◆ Extracted data:
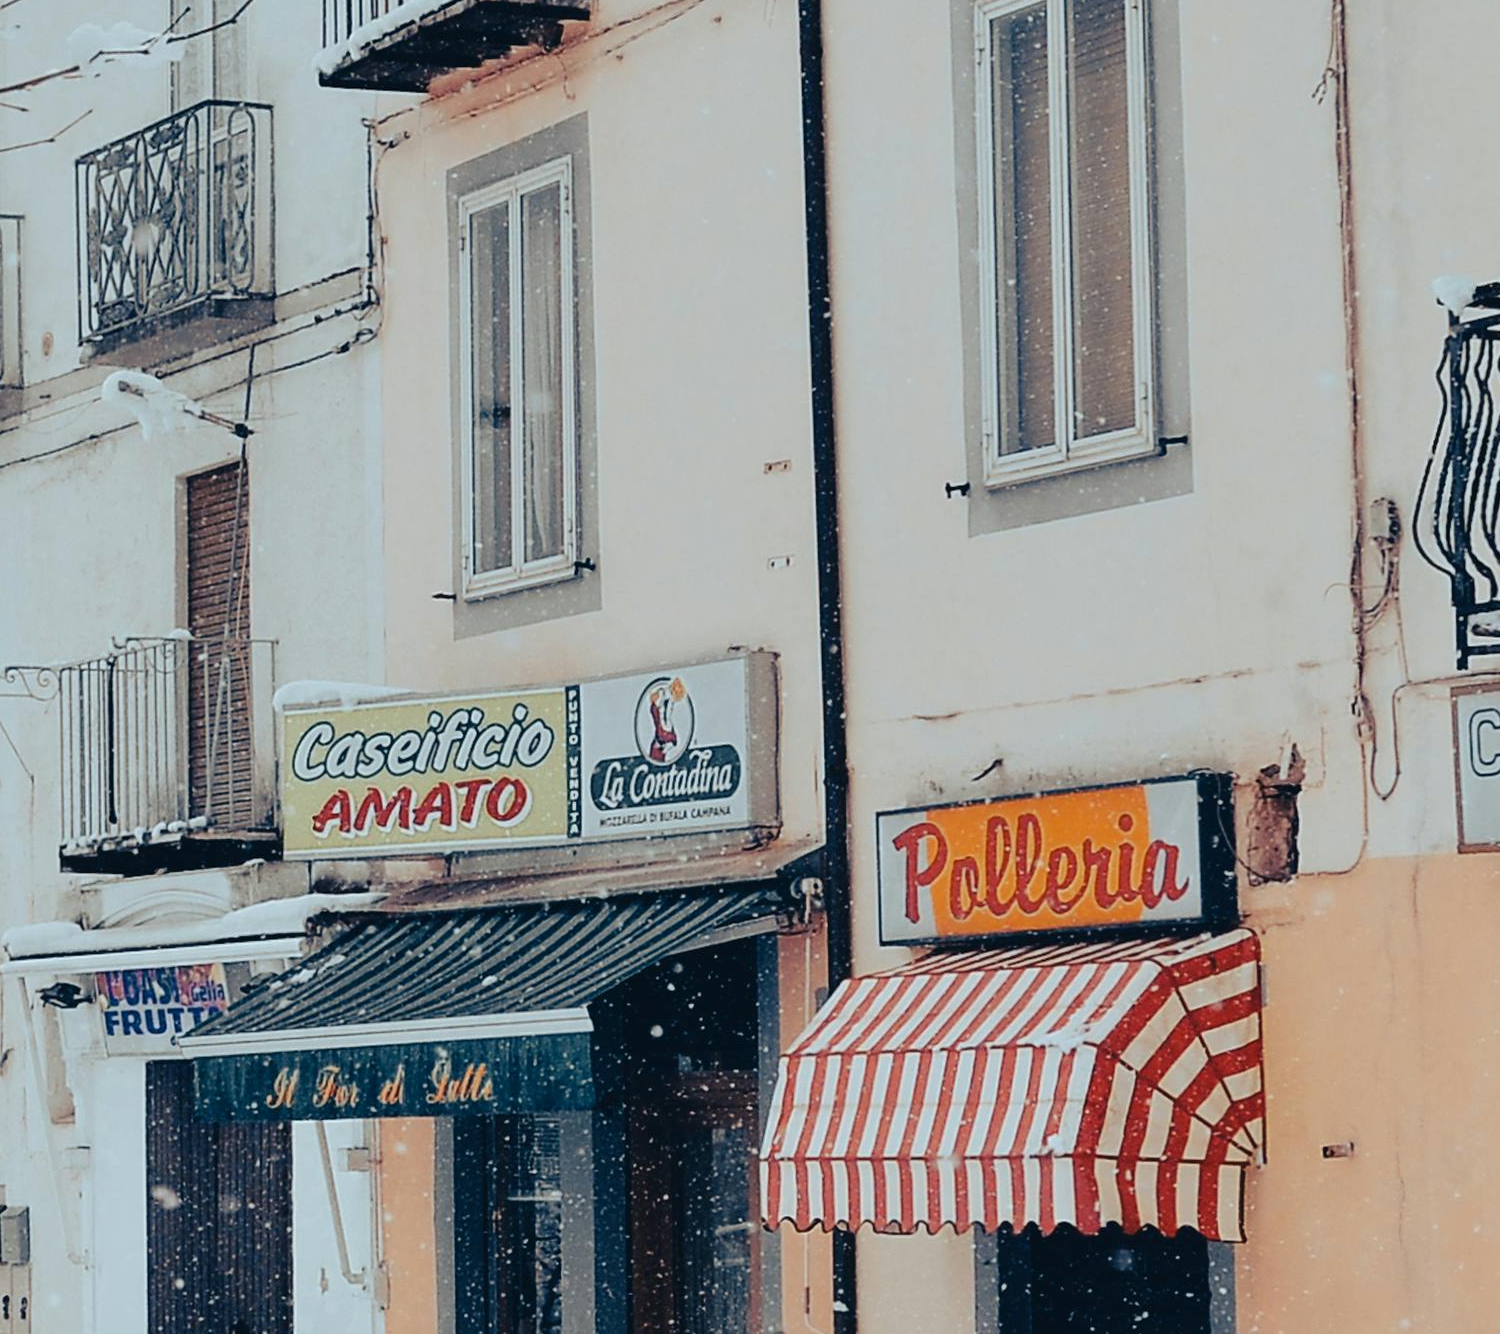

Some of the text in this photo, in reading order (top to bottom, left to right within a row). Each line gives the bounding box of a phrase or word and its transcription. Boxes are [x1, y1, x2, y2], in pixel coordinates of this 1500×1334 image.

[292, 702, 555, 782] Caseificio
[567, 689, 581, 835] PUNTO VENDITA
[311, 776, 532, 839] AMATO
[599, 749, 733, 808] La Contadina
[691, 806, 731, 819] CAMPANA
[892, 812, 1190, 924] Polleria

◆ Exercise goal: From the first record above to the last, output each one exactly and omit the pictures.

◆ Answer section:
Some of the text in this photo, in reading order (top to bottom, left to right within a row). Each line gives the bounding box of a phrase or word and its transcription. Boxes are [x1, y1, x2, y2], in pixel coordinates of this 1500×1334 image.

[292, 702, 555, 782] Caseificio
[567, 689, 581, 835] PUNTO VENDITA
[311, 776, 532, 839] AMATO
[599, 749, 733, 808] La Contadina
[691, 806, 731, 819] CAMPANA
[892, 812, 1190, 924] Polleria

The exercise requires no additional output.